• [How to complete this task] Every line below is to be set down again exactly; any image stays out.

• [Exercise materials]
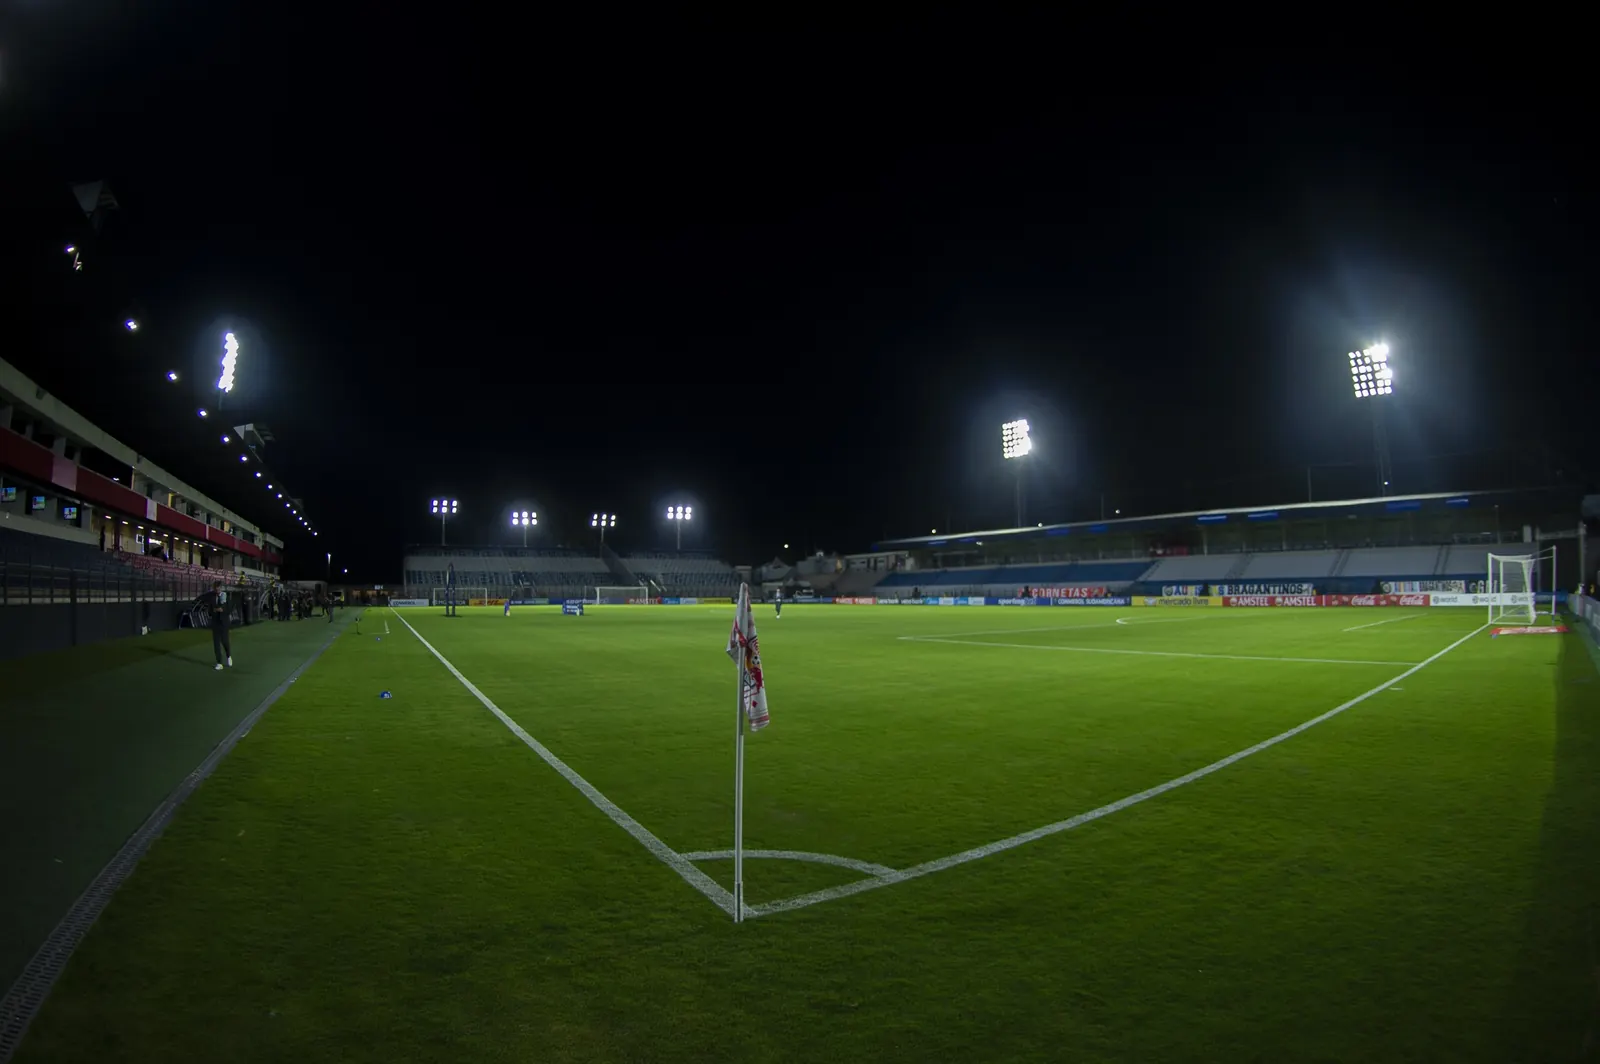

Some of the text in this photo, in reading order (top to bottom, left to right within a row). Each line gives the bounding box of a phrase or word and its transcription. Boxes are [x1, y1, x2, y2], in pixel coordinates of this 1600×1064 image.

[1031, 587, 1088, 598] CORNETAS
[1158, 597, 1192, 606] mercado
[1238, 596, 1269, 606] AMSTEL
[1284, 596, 1316, 606] AMSTEL

• [The answer]
Some of the text in this photo, in reading order (top to bottom, left to right within a row). Each line gives the bounding box of a phrase or word and its transcription. Boxes are [x1, y1, x2, y2], in pixel coordinates of this 1600×1064 image.

[1031, 587, 1088, 598] CORNETAS
[1158, 597, 1192, 606] mercado
[1238, 596, 1269, 606] AMSTEL
[1284, 596, 1316, 606] AMSTEL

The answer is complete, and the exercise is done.